▸ **RECORDS FOR PROCESSING**:

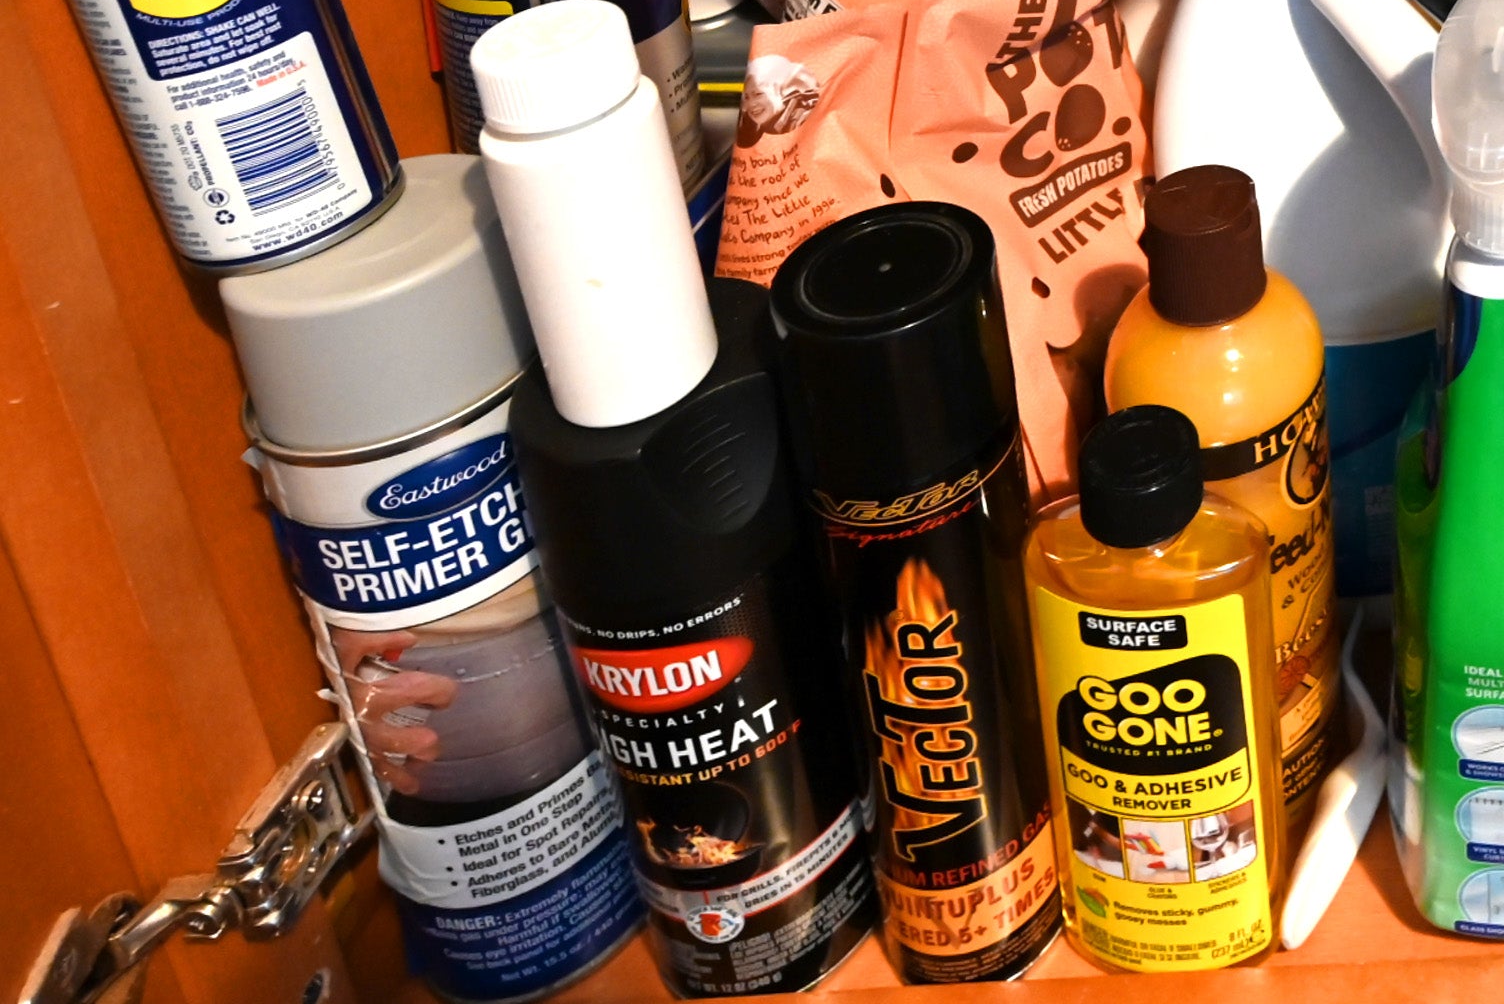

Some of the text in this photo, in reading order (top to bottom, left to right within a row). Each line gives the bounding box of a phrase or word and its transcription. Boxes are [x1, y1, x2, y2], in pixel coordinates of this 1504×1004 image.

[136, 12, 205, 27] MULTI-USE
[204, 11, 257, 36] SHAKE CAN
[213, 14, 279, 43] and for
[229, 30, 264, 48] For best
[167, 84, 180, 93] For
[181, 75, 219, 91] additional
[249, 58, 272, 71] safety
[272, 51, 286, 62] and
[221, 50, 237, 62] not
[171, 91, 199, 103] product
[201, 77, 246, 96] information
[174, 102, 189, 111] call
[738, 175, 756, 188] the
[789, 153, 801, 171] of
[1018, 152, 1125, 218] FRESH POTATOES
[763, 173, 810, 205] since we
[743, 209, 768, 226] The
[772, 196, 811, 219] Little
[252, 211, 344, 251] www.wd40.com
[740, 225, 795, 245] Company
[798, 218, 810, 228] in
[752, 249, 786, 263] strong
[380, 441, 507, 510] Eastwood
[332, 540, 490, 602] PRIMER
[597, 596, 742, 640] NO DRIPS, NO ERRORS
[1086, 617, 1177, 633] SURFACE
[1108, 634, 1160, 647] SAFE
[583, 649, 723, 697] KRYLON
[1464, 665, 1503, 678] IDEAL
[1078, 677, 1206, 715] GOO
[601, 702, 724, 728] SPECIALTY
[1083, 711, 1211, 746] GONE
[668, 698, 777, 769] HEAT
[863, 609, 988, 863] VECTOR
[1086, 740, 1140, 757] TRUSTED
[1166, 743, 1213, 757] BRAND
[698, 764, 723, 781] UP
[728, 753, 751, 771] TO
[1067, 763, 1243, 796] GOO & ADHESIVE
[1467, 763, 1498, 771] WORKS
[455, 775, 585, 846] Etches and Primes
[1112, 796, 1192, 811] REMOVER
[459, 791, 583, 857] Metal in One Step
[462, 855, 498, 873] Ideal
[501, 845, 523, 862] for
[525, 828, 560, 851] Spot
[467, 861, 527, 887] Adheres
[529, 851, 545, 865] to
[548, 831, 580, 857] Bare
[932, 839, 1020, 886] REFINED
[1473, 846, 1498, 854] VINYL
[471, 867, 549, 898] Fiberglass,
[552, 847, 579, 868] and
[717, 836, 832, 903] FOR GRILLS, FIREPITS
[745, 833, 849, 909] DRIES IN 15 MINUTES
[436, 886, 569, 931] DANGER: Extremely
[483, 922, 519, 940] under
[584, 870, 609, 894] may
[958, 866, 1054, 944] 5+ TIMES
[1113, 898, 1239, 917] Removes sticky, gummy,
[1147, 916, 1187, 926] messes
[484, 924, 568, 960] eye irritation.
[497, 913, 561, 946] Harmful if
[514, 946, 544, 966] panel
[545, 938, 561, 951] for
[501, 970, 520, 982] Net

▸ **WHAT IS BEING ASKED**:
Could you transcribe the material above exactly, keeping every picture out?

▸ **TASK ANSWER**:
Some of the text in this photo, in reading order (top to bottom, left to right within a row). Each line gives the bounding box of a phrase or word and its transcription. Boxes are [x1, y1, x2, y2], in pixel coordinates of this 1504×1004 image.

[136, 12, 205, 27] MULTI-USE
[204, 11, 257, 36] SHAKE CAN
[213, 14, 279, 43] and for
[229, 30, 264, 48] For best
[167, 84, 180, 93] For
[181, 75, 219, 91] additional
[249, 58, 272, 71] safety
[272, 51, 286, 62] and
[221, 50, 237, 62] not
[171, 91, 199, 103] product
[201, 77, 246, 96] information
[174, 102, 189, 111] call
[738, 175, 756, 188] the
[789, 153, 801, 171] of
[1018, 152, 1125, 218] FRESH POTATOES
[763, 173, 810, 205] since we
[743, 209, 768, 226] The
[772, 196, 811, 219] Little
[252, 211, 344, 251] www.wd40.com
[740, 225, 795, 245] Company
[798, 218, 810, 228] in
[752, 249, 786, 263] strong
[380, 441, 507, 510] Eastwood
[332, 540, 490, 602] PRIMER
[597, 596, 742, 640] NO DRIPS, NO ERRORS
[1086, 617, 1177, 633] SURFACE
[1108, 634, 1160, 647] SAFE
[583, 649, 723, 697] KRYLON
[1464, 665, 1503, 678] IDEAL
[1078, 677, 1206, 715] GOO
[601, 702, 724, 728] SPECIALTY
[1083, 711, 1211, 746] GONE
[668, 698, 777, 769] HEAT
[863, 609, 988, 863] VECTOR
[1086, 740, 1140, 757] TRUSTED
[1166, 743, 1213, 757] BRAND
[698, 764, 723, 781] UP
[728, 753, 751, 771] TO
[1067, 763, 1243, 796] GOO & ADHESIVE
[1467, 763, 1498, 771] WORKS
[455, 775, 585, 846] Etches and Primes
[1112, 796, 1192, 811] REMOVER
[459, 791, 583, 857] Metal in One Step
[462, 855, 498, 873] Ideal
[501, 845, 523, 862] for
[525, 828, 560, 851] Spot
[467, 861, 527, 887] Adheres
[529, 851, 545, 865] to
[548, 831, 580, 857] Bare
[932, 839, 1020, 886] REFINED
[1473, 846, 1498, 854] VINYL
[471, 867, 549, 898] Fiberglass,
[552, 847, 579, 868] and
[717, 836, 832, 903] FOR GRILLS, FIREPITS
[745, 833, 849, 909] DRIES IN 15 MINUTES
[436, 886, 569, 931] DANGER: Extremely
[483, 922, 519, 940] under
[584, 870, 609, 894] may
[958, 866, 1054, 944] 5+ TIMES
[1113, 898, 1239, 917] Removes sticky, gummy,
[1147, 916, 1187, 926] messes
[484, 924, 568, 960] eye irritation.
[497, 913, 561, 946] Harmful if
[514, 946, 544, 966] panel
[545, 938, 561, 951] for
[501, 970, 520, 982] Net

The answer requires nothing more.